> _ABOUT THIS TASK_
Without skipping any entry, transcribe the data word for word.

** Opening EXERCISE DATA block **

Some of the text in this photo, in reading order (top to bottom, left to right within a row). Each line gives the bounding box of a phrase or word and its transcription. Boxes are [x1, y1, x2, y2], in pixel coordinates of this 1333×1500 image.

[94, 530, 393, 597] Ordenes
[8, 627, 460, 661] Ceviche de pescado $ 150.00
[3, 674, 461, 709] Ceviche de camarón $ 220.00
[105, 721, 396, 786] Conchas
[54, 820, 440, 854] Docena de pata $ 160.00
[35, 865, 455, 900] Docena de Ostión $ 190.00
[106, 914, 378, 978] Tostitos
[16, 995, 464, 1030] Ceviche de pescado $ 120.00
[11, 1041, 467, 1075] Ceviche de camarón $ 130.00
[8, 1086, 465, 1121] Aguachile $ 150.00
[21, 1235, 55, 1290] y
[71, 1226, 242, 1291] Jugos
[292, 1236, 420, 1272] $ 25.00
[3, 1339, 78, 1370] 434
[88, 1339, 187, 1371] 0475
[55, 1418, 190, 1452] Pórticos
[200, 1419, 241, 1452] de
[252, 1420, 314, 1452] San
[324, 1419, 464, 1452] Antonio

** Closing EXERCISE DATA block **

> _RESPONSE FOR THIS EXERCISE_
Some of the text in this photo, in reading order (top to bottom, left to right within a row). Each line gives the bounding box of a phrase or word and its transcription. Boxes are [x1, y1, x2, y2], in pixel coordinates of this 1333×1500 image.

[94, 530, 393, 597] Ordenes
[8, 627, 460, 661] Ceviche de pescado $ 150.00
[3, 674, 461, 709] Ceviche de camarón $ 220.00
[105, 721, 396, 786] Conchas
[54, 820, 440, 854] Docena de pata $ 160.00
[35, 865, 455, 900] Docena de Ostión $ 190.00
[106, 914, 378, 978] Tostitos
[16, 995, 464, 1030] Ceviche de pescado $ 120.00
[11, 1041, 467, 1075] Ceviche de camarón $ 130.00
[8, 1086, 465, 1121] Aguachile $ 150.00
[21, 1235, 55, 1290] y
[71, 1226, 242, 1291] Jugos
[292, 1236, 420, 1272] $ 25.00
[3, 1339, 78, 1370] 434
[88, 1339, 187, 1371] 0475
[55, 1418, 190, 1452] Pórticos
[200, 1419, 241, 1452] de
[252, 1420, 314, 1452] San
[324, 1419, 464, 1452] Antonio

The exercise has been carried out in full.